In a troubling development, cybercriminals with ties to underground networks in China are leveraging Near Field Communication (NFC) technology to carry out widespread fraudulent activities at ATMs and Point-of-Sale (POS) terminals. Reports from various financial institutions, including banks, FinTech companies, and credit unions, have indicated a surge in NFC-related fraud in the first quarter of 2025, resulting in financial losses exceeding millions of dollars for a prominent Fortune 100 financial entity in the United States.
These criminals have demonstrated a high level of adaptability by creating sophisticated tools to exploit NFC systems for unauthorized transactions across multiple countries such as the U.S., UK, EU, Australia, Canada, Japan, and the UAE. The global reach of these cyber operations, often supported by organized crime groups with potential state backing in China, presents significant challenges for detection and mitigation due to geopolitical and technical complexities.
The mechanics of NFC fraud involve the manipulation of Host Card Emulation (HCE), an Android technology that enables devices to imitate NFC smart cards to interact with payment terminals using Application Protocol Data Unit (APDU) commands. Tools like “Z-NFC” and “Track2NFC,” available on the Dark Web and through Telegram channels, enable cybercriminals to replicate card data or transmit stolen payment details from victims’ mobile wallets like Google Pay or Apple Pay to conduct fraudulent transactions at ATMs and POS terminals. Tactics such as “Ghost Tap” allow fraudsters to make transactions without alerting merchant payment processors, while apps like “HCE Bridge” simulate contactless payment options for malicious purposes.
Investigations by Resecurity into the Z-NFC tool have revealed a heavily encrypted Android APK that employs native libraries and runtime decryption to evade traditional analysis methods, highlighting the sophistication of these attacks. Furthermore, cybercriminals utilize fleets of mobile devices to automate fraudulent activities on a large scale, targeting major financial institutions and even exploiting loyalty points programs for unauthorized redemptions.
In addition to these tactics, cybercriminals exploit NFC-enabled POS terminals through illegitimate registrations and money mules to facilitate money laundering operations across different countries. By utilizing stolen Track 2 data from ATM skimmers, these criminals are able to conduct transactions at compromised terminals, often circumventing Cardholder Verification Methods (CVM) for low-value contactless payments. The widespread adoption of NFC technology and the secure nature of encrypted communication and e-SIM contracts make it challenging to trace and intercept these illicit operations.
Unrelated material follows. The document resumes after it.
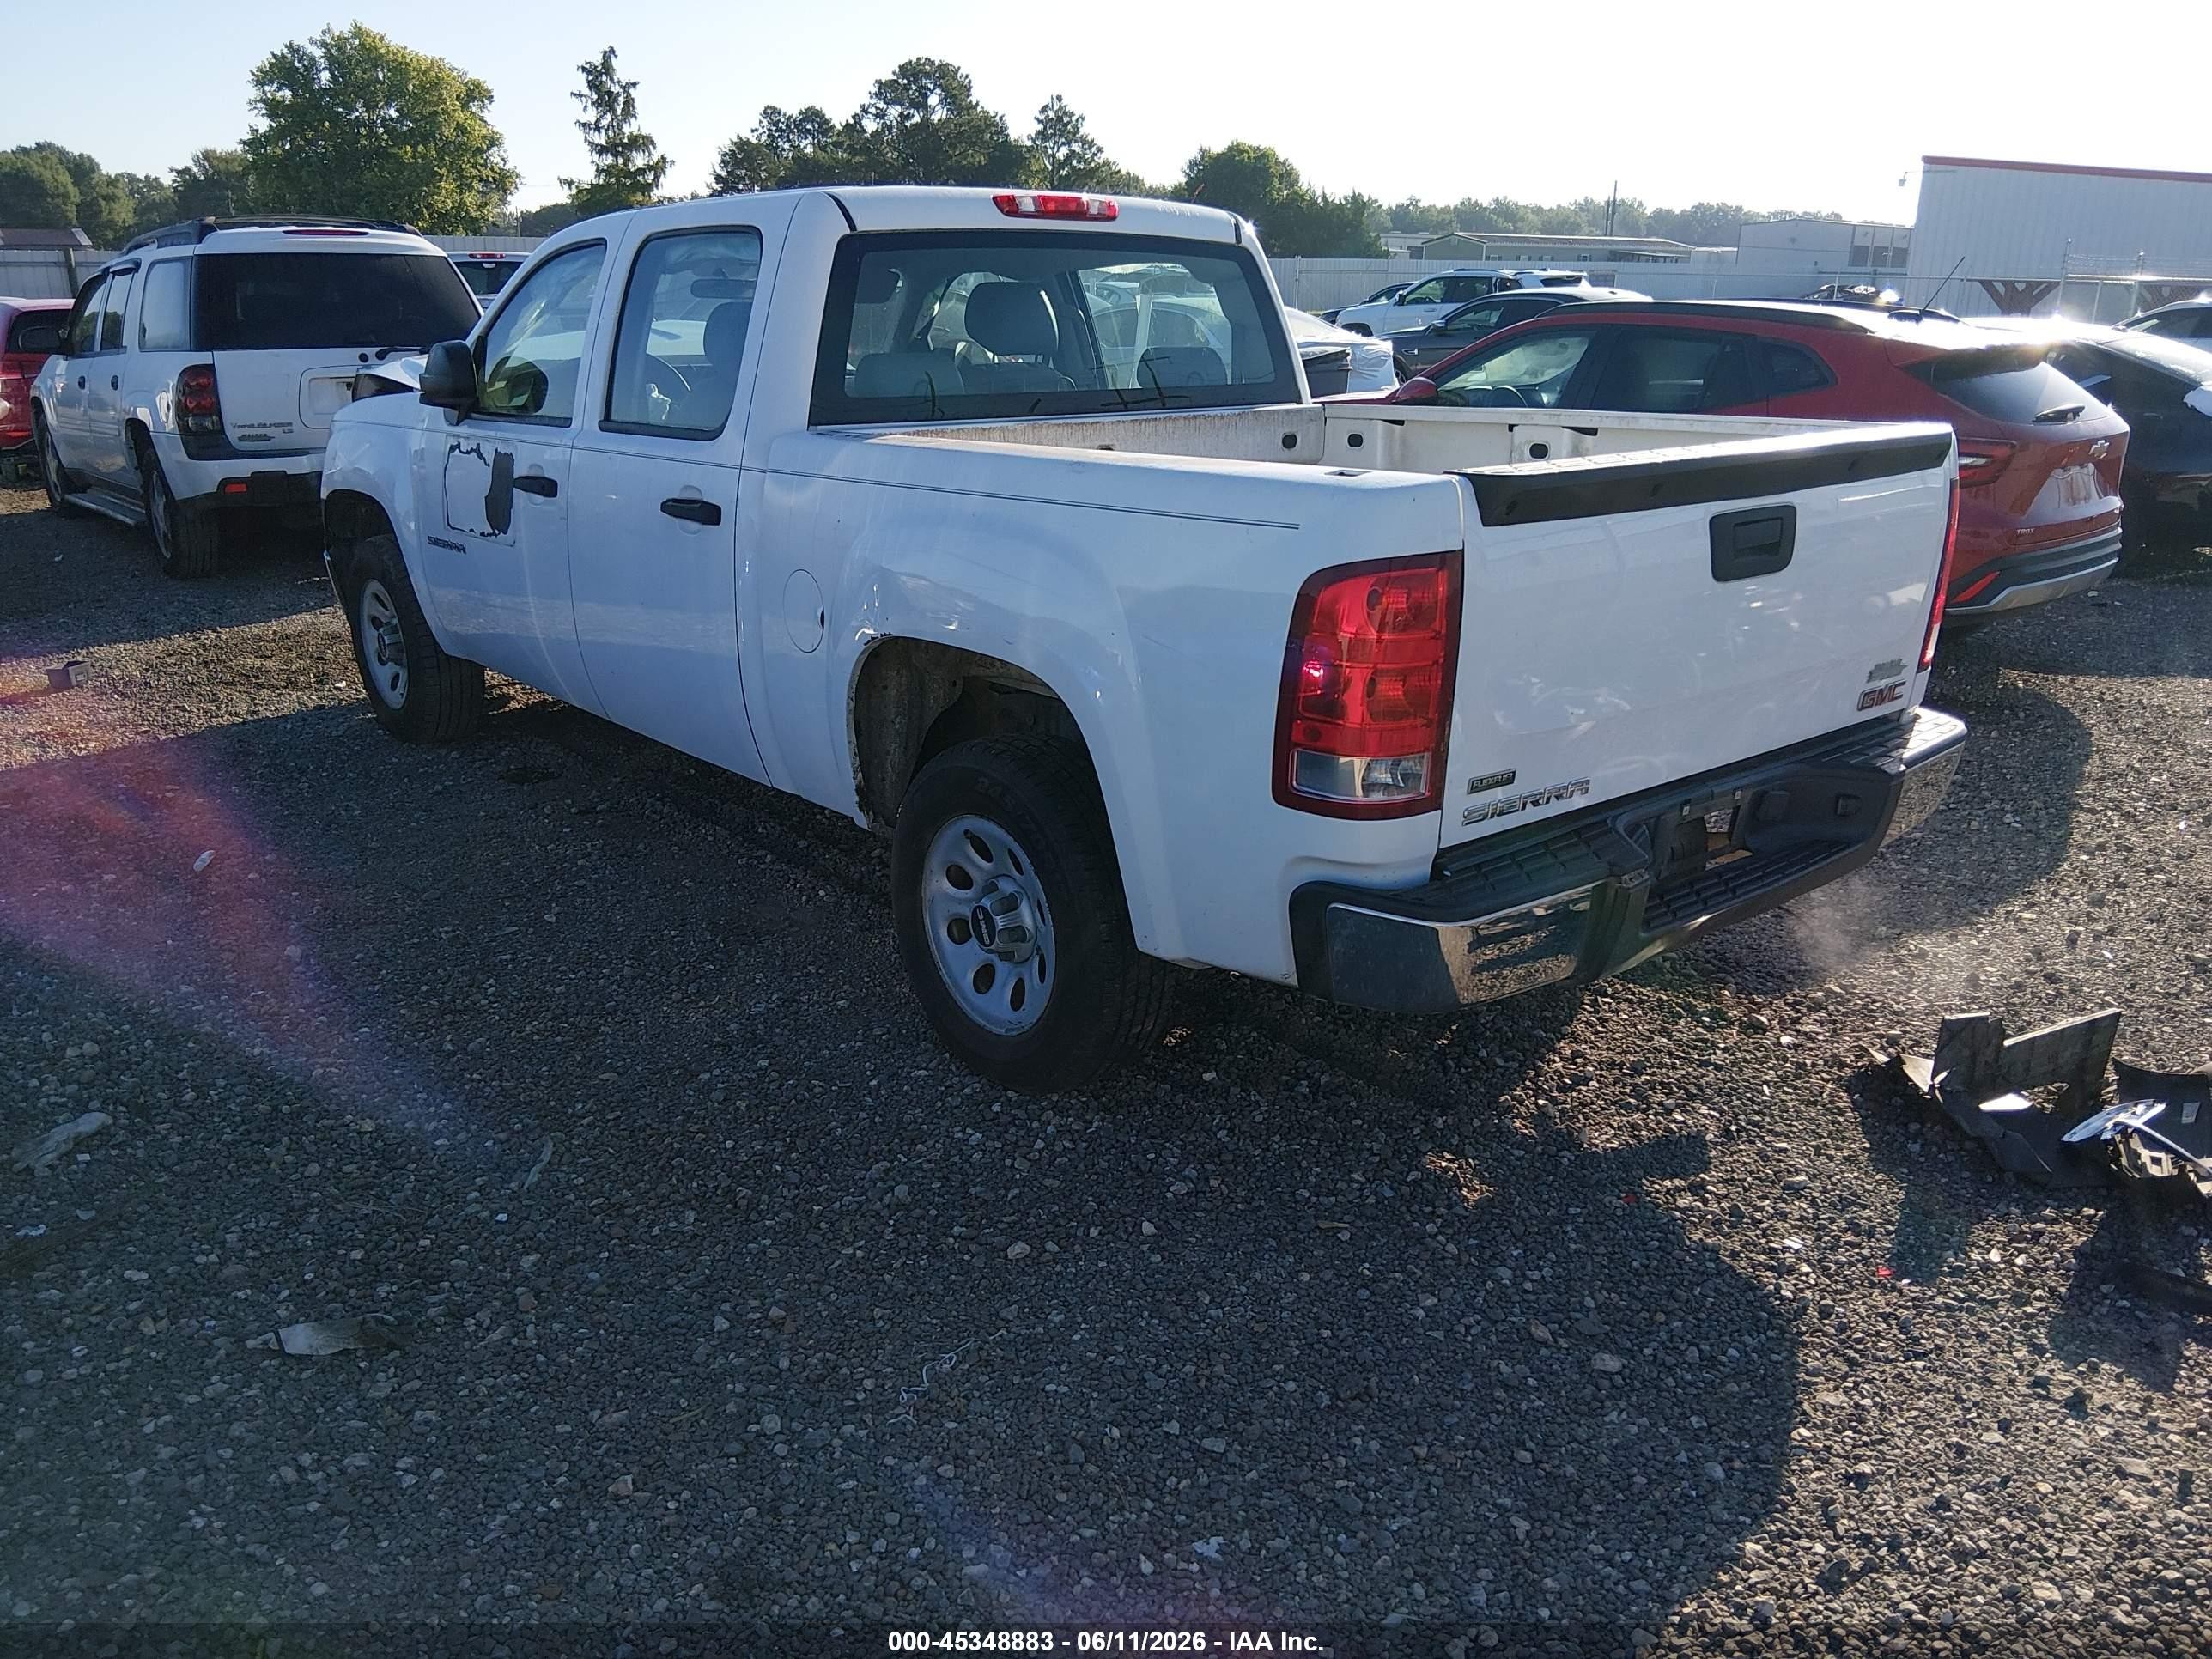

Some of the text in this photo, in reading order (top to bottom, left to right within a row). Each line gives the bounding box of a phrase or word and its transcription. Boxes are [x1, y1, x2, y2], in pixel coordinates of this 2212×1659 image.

Given the increasing reliance on NFC technology for contactless payments and identity verification worldwide, the necessity for robust security measures, advanced fraud detection systems, and international collaboration is more critical than ever to combat the escalating cyber threat.
In conclusion, the utilization of NFC technology by cybercriminals to orchestrate large-scale fraud presents a complex challenge for the financial industry and law enforcement agencies around the world. As these criminals continue to innovate and adapt their methods, a coordinated and proactive approach is required to safeguard the integrity of financial systems and protect consumers from fraudulent activities.